In queste situazioni (assai spesso) il costo del recupero del singolo credito (il
costo che è rappresentato dalle spese legali e quelle processuali) molto spesso è
SUPERIORE al valore del credito stesso.
Ora l'accumularsi di centinaia o talvolta migliaia —> di modesti crediti (di fatto
non recuperabili o molto difficilmente recuperabili) —> può raggiungere dei valori
economici assolutamente ragguardevoli.
Di fatto se si somma —> migliaia di volte un importo (anche basso) il totale per
l'impresa —> di crediti inesigibili raggiunge una cifra elevatissima.
E per una distorsione (purtroppo del nostro sistema fiscale) —> i crediti
IRRECUPERABILI (=l’ammontare dei crediti irrecuperabili) viene considerato come
un utile tassabile.
Ciò significa per l'impresa —> al danno (rappresentato dalla impossibilità o dal
estrema difficoltà di riscuotere i propri crediti) si aggiunge la beffa —> data dal
fatto che —> sui crediti NON riscossi —> l’impresa DEVE pagare le imposte.
Perché fiscalmente questi crediti (pur se inesigibili) rappresentano un elemento
attivo del bilancio.
Da qui da qui nasce —> la necessità dell'impresa di LIBERARSI di questi crediti —>
almeno sotto il profilo contabile e fiscale.
E il mezzo che è offerto —> è quello della cessione in massa dei crediti.
In concreto —> vi hanno fatto e vi fanno spessissimo ricorso, chi ?
Le banche (relativamente ai loro crediti —> che si chiamano “IN SOFFERENZA”,
cioè quelli di difficile o impossibile riscossione).
Vi fanno ricorso le società che somministrano gas, energia elettrica…
Relativamente alle varie bollette che i singoli utenti (che possono essere migliaia
o decine di migliaia) —> NON onorano.
Conclusa la disciplina speciale della cessione del credito di impresa, possiamo
passare al secondo strumento —> attraverso il quale si può verificare una
modificazione dal LATO ATTIVO del rapporto obbligatorio.
Modificazione soggettiva dal lato attivo del rapporto obbligatorio —> che riguarda
sempre la persona del creditore.
Questa seconda fattispecie —> si chiama: PAGAMENTO CON SURROGAZIONE.

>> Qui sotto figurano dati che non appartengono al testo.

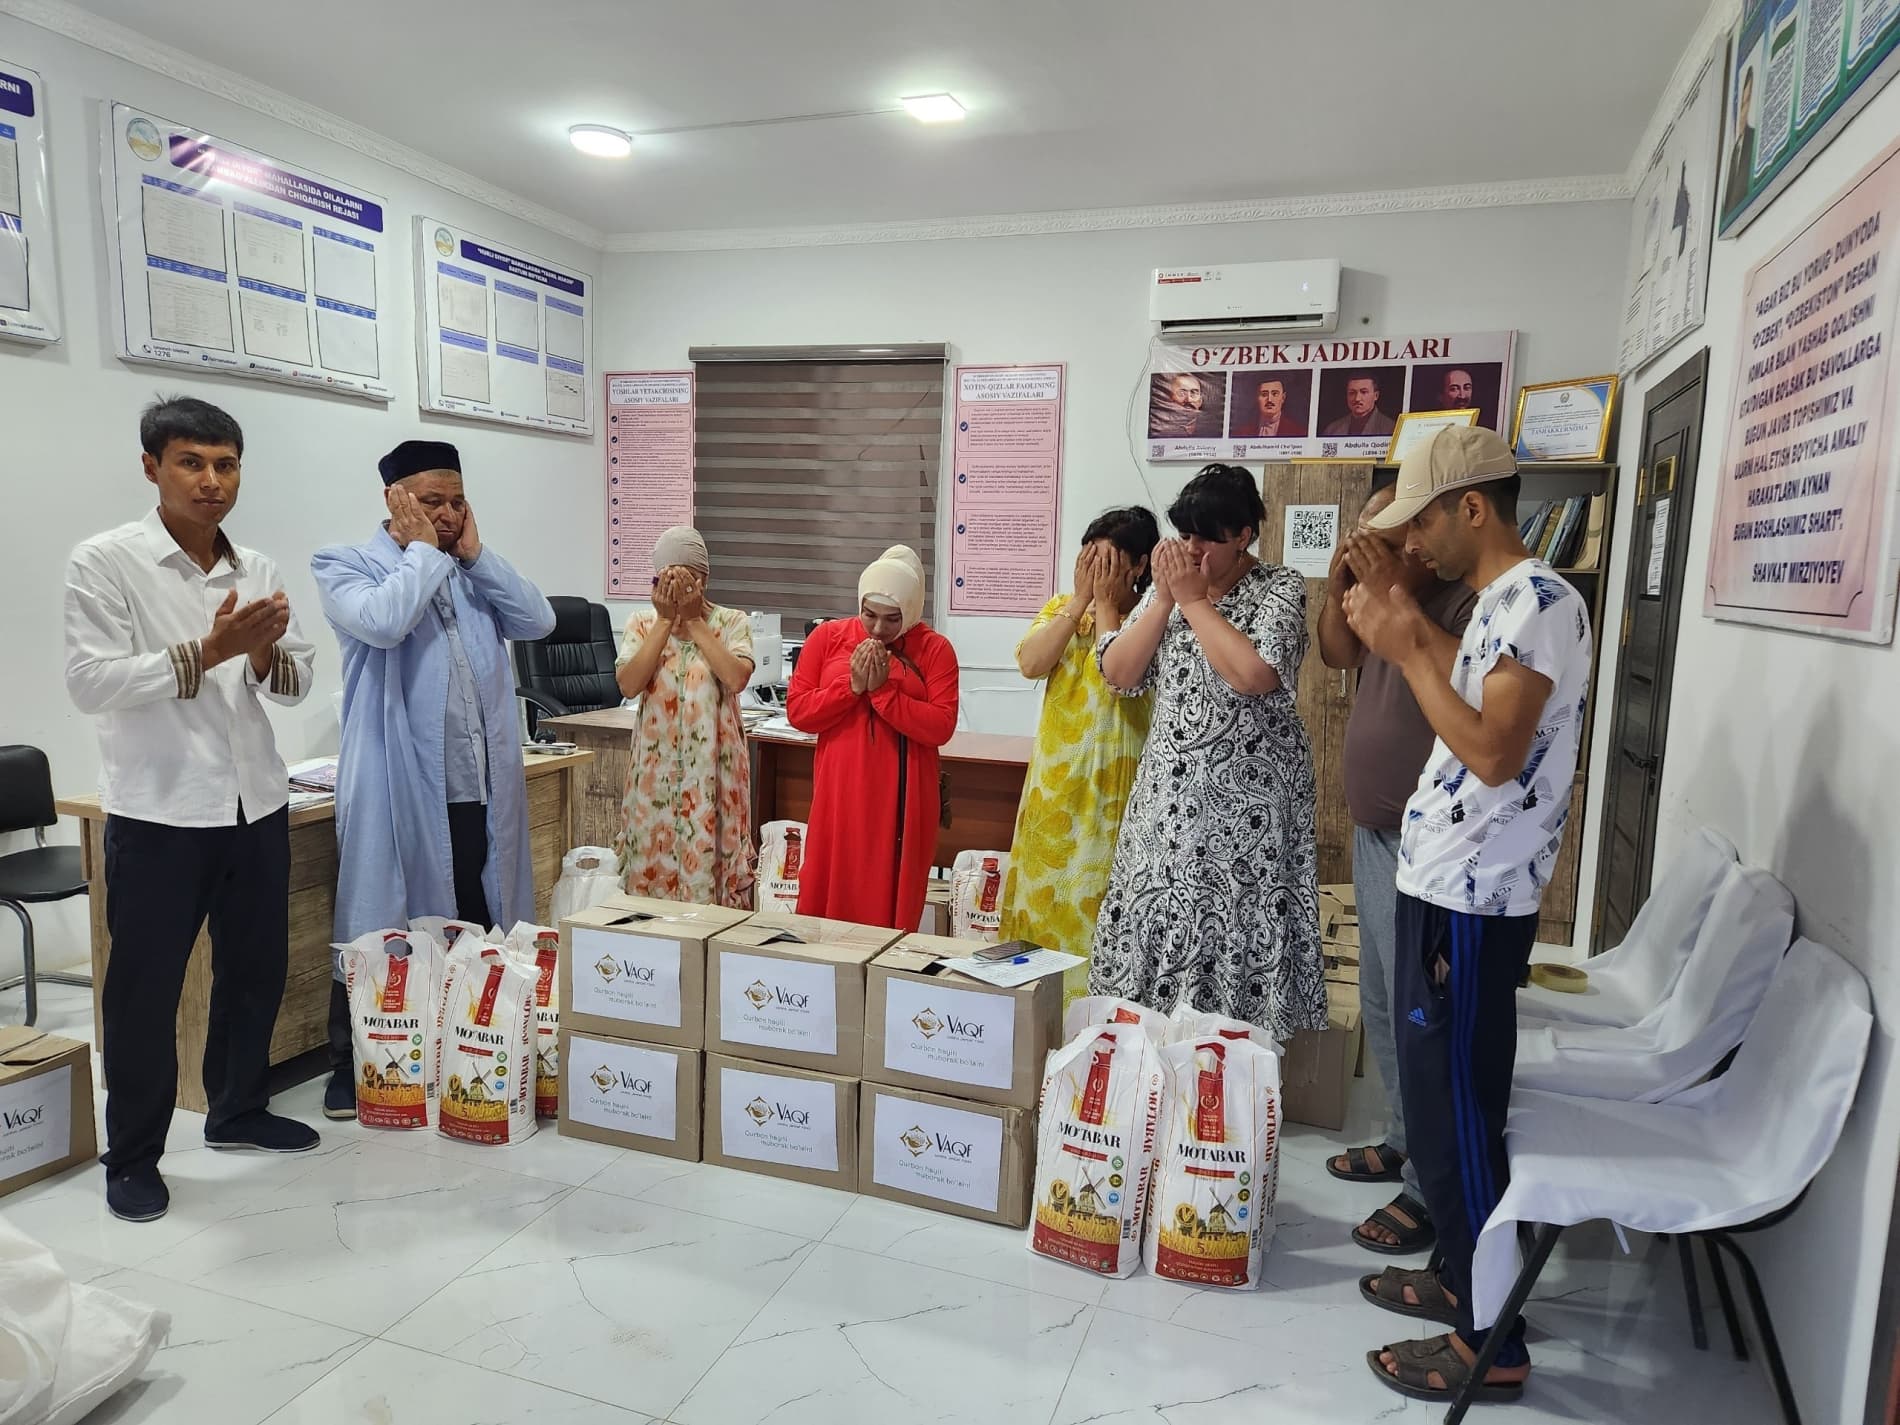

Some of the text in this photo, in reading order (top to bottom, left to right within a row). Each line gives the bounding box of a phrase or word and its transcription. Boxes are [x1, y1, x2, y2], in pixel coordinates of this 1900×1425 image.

[287, 189, 332, 212] CHIQARISH
[332, 203, 360, 221] REJASI
[322, 191, 363, 212] OILALARNI
[1779, 280, 1791, 304] BIZ
[1834, 210, 1880, 264] DUNYODA
[1844, 250, 1880, 294] DEGAN
[1192, 337, 1452, 367] O‘ZBEK JADIDLARI
[1818, 331, 1881, 382] SAVOLLARGA
[963, 382, 1056, 391] XOTIN-QIZLAR FAOLINING
[1002, 391, 1044, 399] VAZIFALARI
[1840, 384, 1854, 411] VA
[1344, 441, 1369, 449] Abdulla
[1768, 445, 1791, 471] ETISH
[1829, 420, 1868, 454] AMALIY
[1747, 471, 1831, 508] HARAKATLARNI AYNAN
[1753, 513, 1808, 539] BOSHLASHIMIZ
[1752, 559, 1845, 584] SHAVKAT MIRZIYOYEV
[624, 960, 657, 981] VAQF
[776, 986, 810, 1008] VAQF
[947, 1014, 985, 1038] VAQF
[620, 1070, 653, 1093] VAQF
[3, 1103, 45, 1130] VAQF
[776, 1102, 811, 1125] VAQF
[935, 1132, 974, 1158] VAQF

La cui disciplina è contenuta negli artT. da 1201 a 1205 c.c.
In termini generali —> SURROGAZIONE significa sostituzione.
Qui si verifica —> la sostituzione del creditore originario - con un altro creditore.
In conseguenza (a differenza di ciò che accade nella cessione di credito) di un
pagamento al creditore originario.
In altri termini (a differenza di ciò che accade nella cessione del credito - in cui il
nuovo creditore acquisisce il diritto di pretendere il pagamento dal debitore
ceduto) nella SURROGAZIONE —> la sostituzione (della persona del creditore) si
viene a verificare —> proprio nel momento in cui viene effettuato il pagamento IN
FAVORE del creditore originario.
Si tratta di situazioni particolari —> perché detta così è difficile da comprendere.
Come è possibile che —> con il pagamento IN FAVORE del creditore originario —>
CAMBI la persona del creditore?
Normalmente il pagamento al creditore originario —> estingue l’obbligazione.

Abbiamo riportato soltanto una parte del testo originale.